Research indicates that GX15-070 can induce autophagy by increasing the accumulation of autophagosomes and promoting the interaction of Atg5 (a component of the autophagosome membrane) with key components of the necrosome, namely FADD, RIP1, and RIP3, triggering the assembly of the necrosome on autophagosomes. This leads to the formation of cytoplasmic cell death signaling complexes, initiating necrotic cell death^[12].

Autophagy plays a dual role in cancer, depending on the type and stage of the cancer^[10][13]. On one hand, autophagy can promote tumorigenesis and metastasis; currently, the only FDA-approved autophagy inhibitors are Chloroquine and Hydroxychloroquine^[14]. On the other hand, autophagy can enhance the efficacy of cancer treatments by promoting cell death either independently or in conjunction with other cell death pathways (Table 1)^[10].
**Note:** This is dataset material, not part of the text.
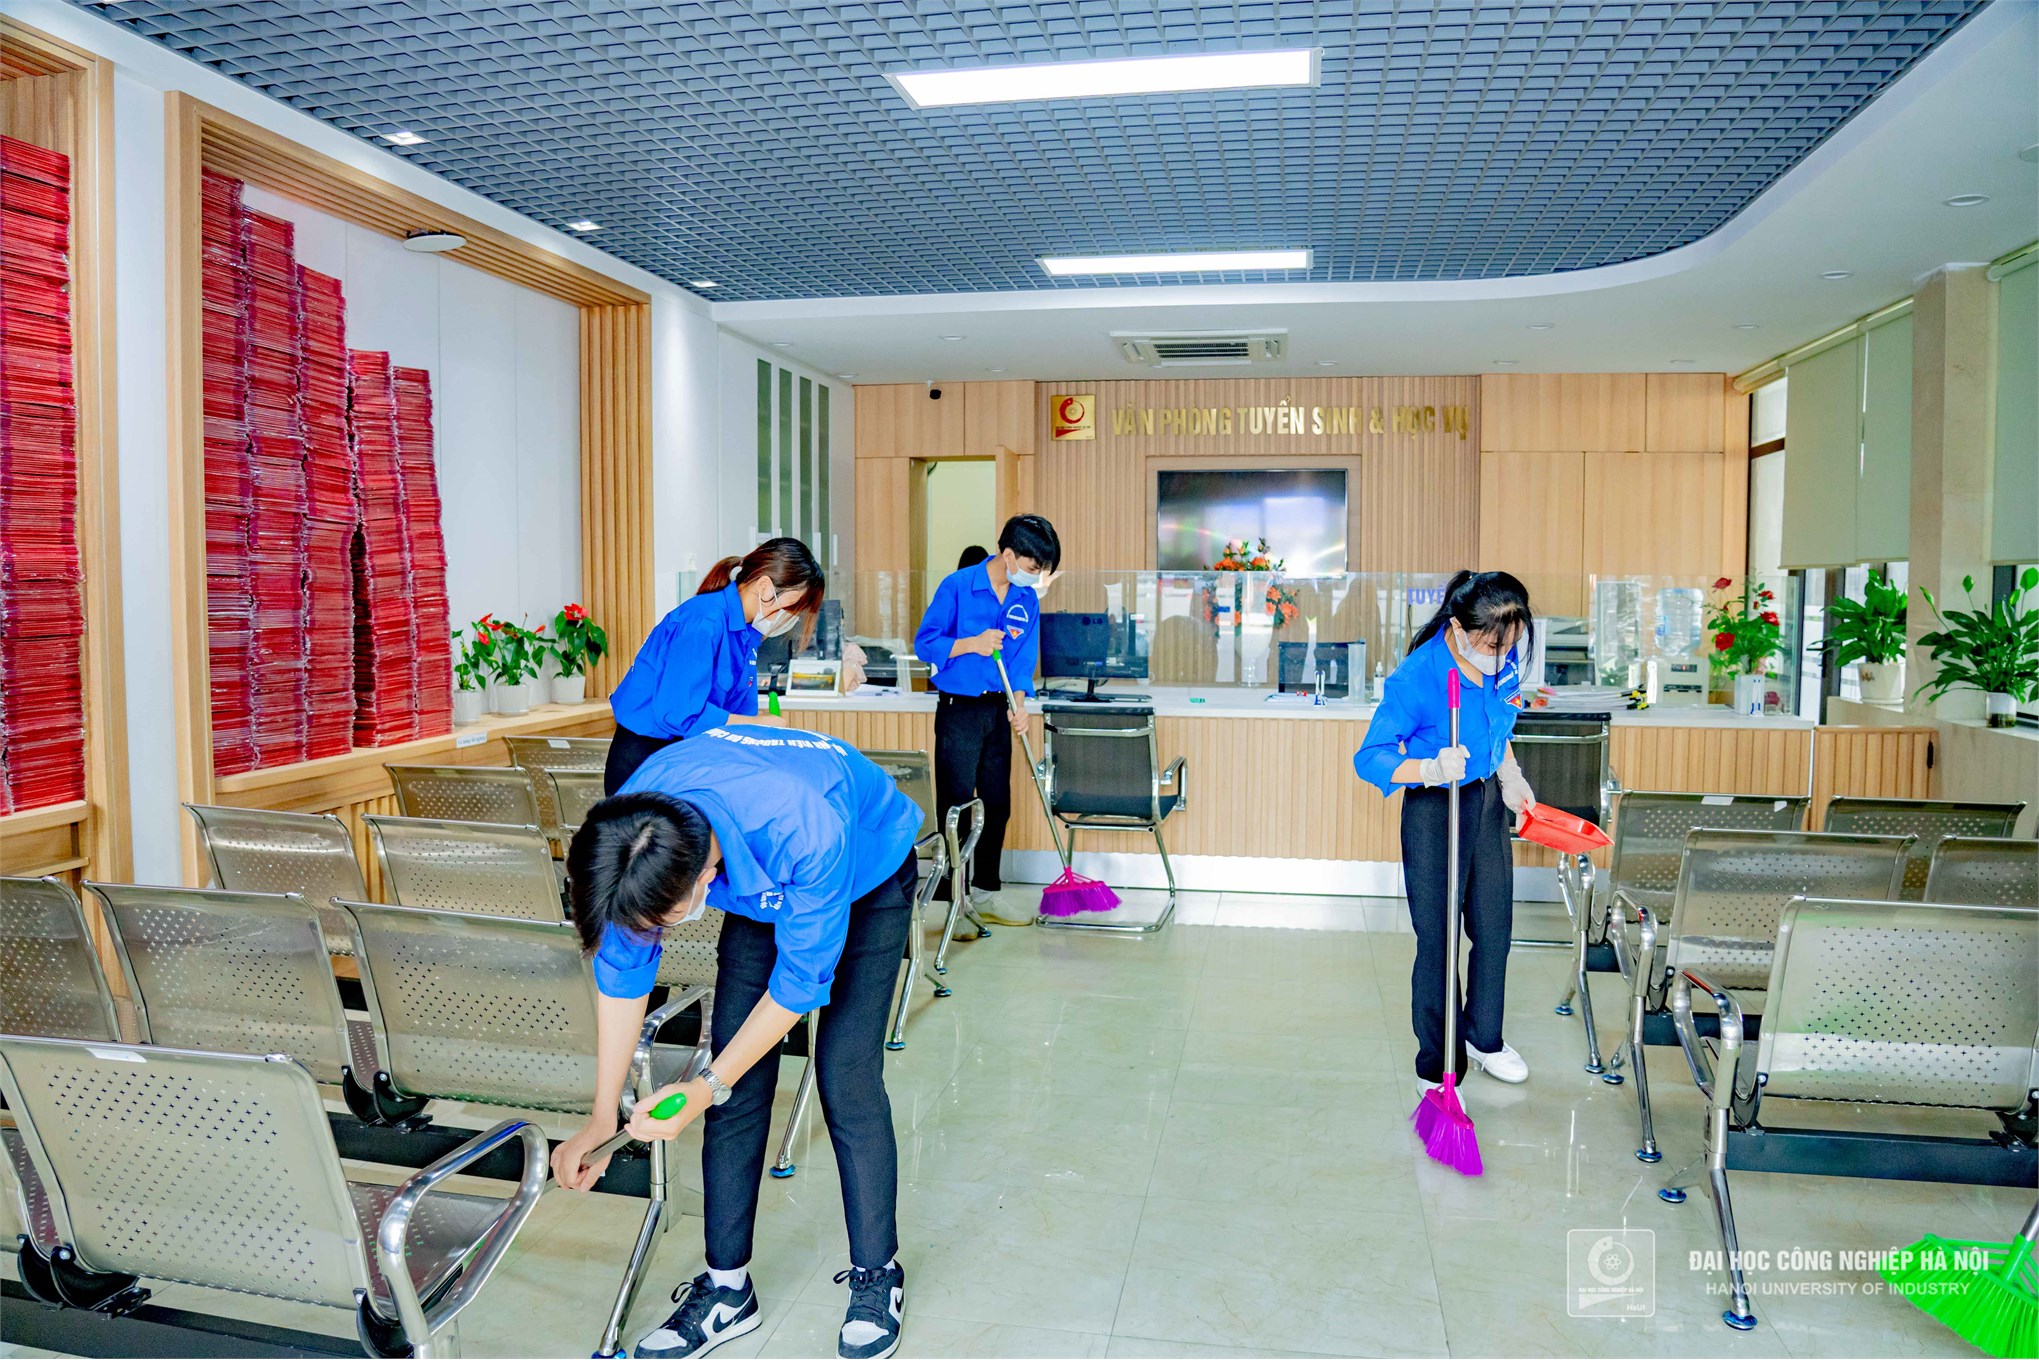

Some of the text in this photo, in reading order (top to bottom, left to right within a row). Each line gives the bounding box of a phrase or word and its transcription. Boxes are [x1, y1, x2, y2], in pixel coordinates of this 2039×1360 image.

With the increasing interest in autophagy research, related detection methods have also become a focal point for researchers. The number of autophagosomes and autophagic flux are often used as indicators of cellular autophagic activity levels.
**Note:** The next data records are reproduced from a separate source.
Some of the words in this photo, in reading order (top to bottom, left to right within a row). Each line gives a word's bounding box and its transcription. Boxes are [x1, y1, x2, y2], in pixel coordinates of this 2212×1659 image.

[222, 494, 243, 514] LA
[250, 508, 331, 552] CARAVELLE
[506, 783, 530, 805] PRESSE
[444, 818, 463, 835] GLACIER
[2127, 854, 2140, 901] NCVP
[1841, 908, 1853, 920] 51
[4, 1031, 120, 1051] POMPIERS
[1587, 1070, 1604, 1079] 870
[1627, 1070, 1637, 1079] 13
3.1 Monitoring the Number of Autophagosomes

Currently, there are three main methods used to monitor the number of autophagosomes: electron microscopy, optical microscopy for detecting the subcellular localization of LC3, and biochemical assays for the membrane-associated form of LC3^[15].

The most traditional method is electron microscopy, which allows for the observation of autophagic vacuole-like structures in samples. Under electron microscopy, cells undergoing autophagy display damaged organelles, such as swollen mitochondria, surrounded by vacuolar double-membrane-like structures, or double-membranes encircling mitochondria to form autophagosomes. Residual bodies that cannot be degraded are also visible within autolysosomes (Fig. 5 and 6A)^[15][16].
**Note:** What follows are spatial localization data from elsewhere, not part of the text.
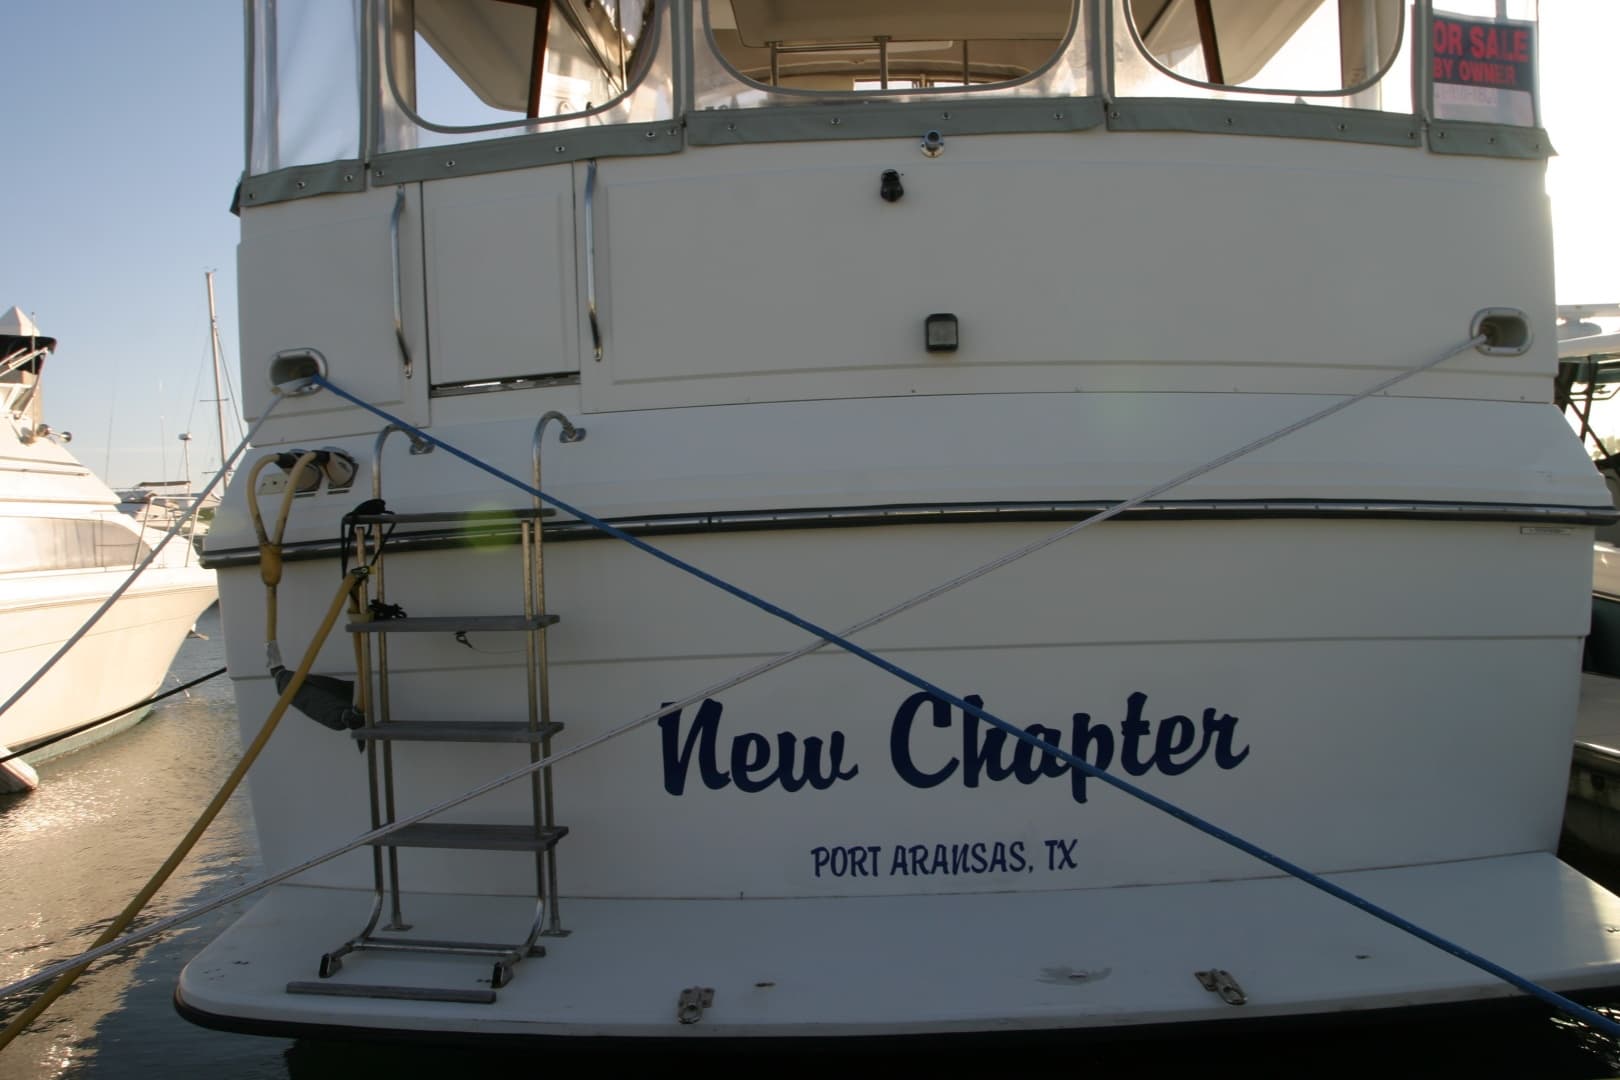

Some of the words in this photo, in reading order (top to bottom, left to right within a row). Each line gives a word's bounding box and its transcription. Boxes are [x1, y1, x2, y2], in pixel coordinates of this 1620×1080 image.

[1432, 20, 1463, 57] OR
[1469, 25, 1529, 63] SALE
[1432, 57, 1453, 79] BY
[1458, 60, 1517, 85] OWNER
[658, 698, 858, 796] New
[890, 691, 1250, 803] Chapter
[811, 845, 881, 878] PORT
[889, 840, 1034, 876] ARANSAS,
[1045, 838, 1078, 871] TX
Secondly, the mammalian autophagy protein LC3 is a marker for autophagosomes and can be detected using more widely used optical microscopy and biochemical methods. Endogenous LC3 or GFP-LC3 can be observed via fluorescence microscopy as a diffuse cytoplasmic pool or as punctate structures primarily representing autophagosomes (Fig. 6B-C).

3.2 Monitoring Autophagic Flux

One of the main methods for measuring autophagic flux is monitoring the turnover of LC3. When cells are treated with lysosomal agents (such as ammonium chloride, Chloroquine, or Bafilomycin A1) or lysosomal protease inhibitors (such as E64d), the degradation of LC3-II is blocked, leading to its accumulation. Therefore, the differences in LC3-II levels between samples represent the amount of LC3 delivered to lysosomes for degradation (Fig. 6D)^[15].

Additionally, the total cellular LC3 levels can be quantified through immunoblotting analysis or flow cytometry, or qualitatively observed via fluorescence microscopy, which inversely correlates with autophagic flux. Besides LC3, the levels of other autophagic substrates can also be used to monitor autophagic flux (Fig. 6).

In this issue, our little M has summarized the types of cellular autophagy, related mechanisms, and characteristics, and introduced the dual functions of autophagy in cell protection and promotion of cell death. Finally, we have organized the relevant detection methods for cellular autophagy!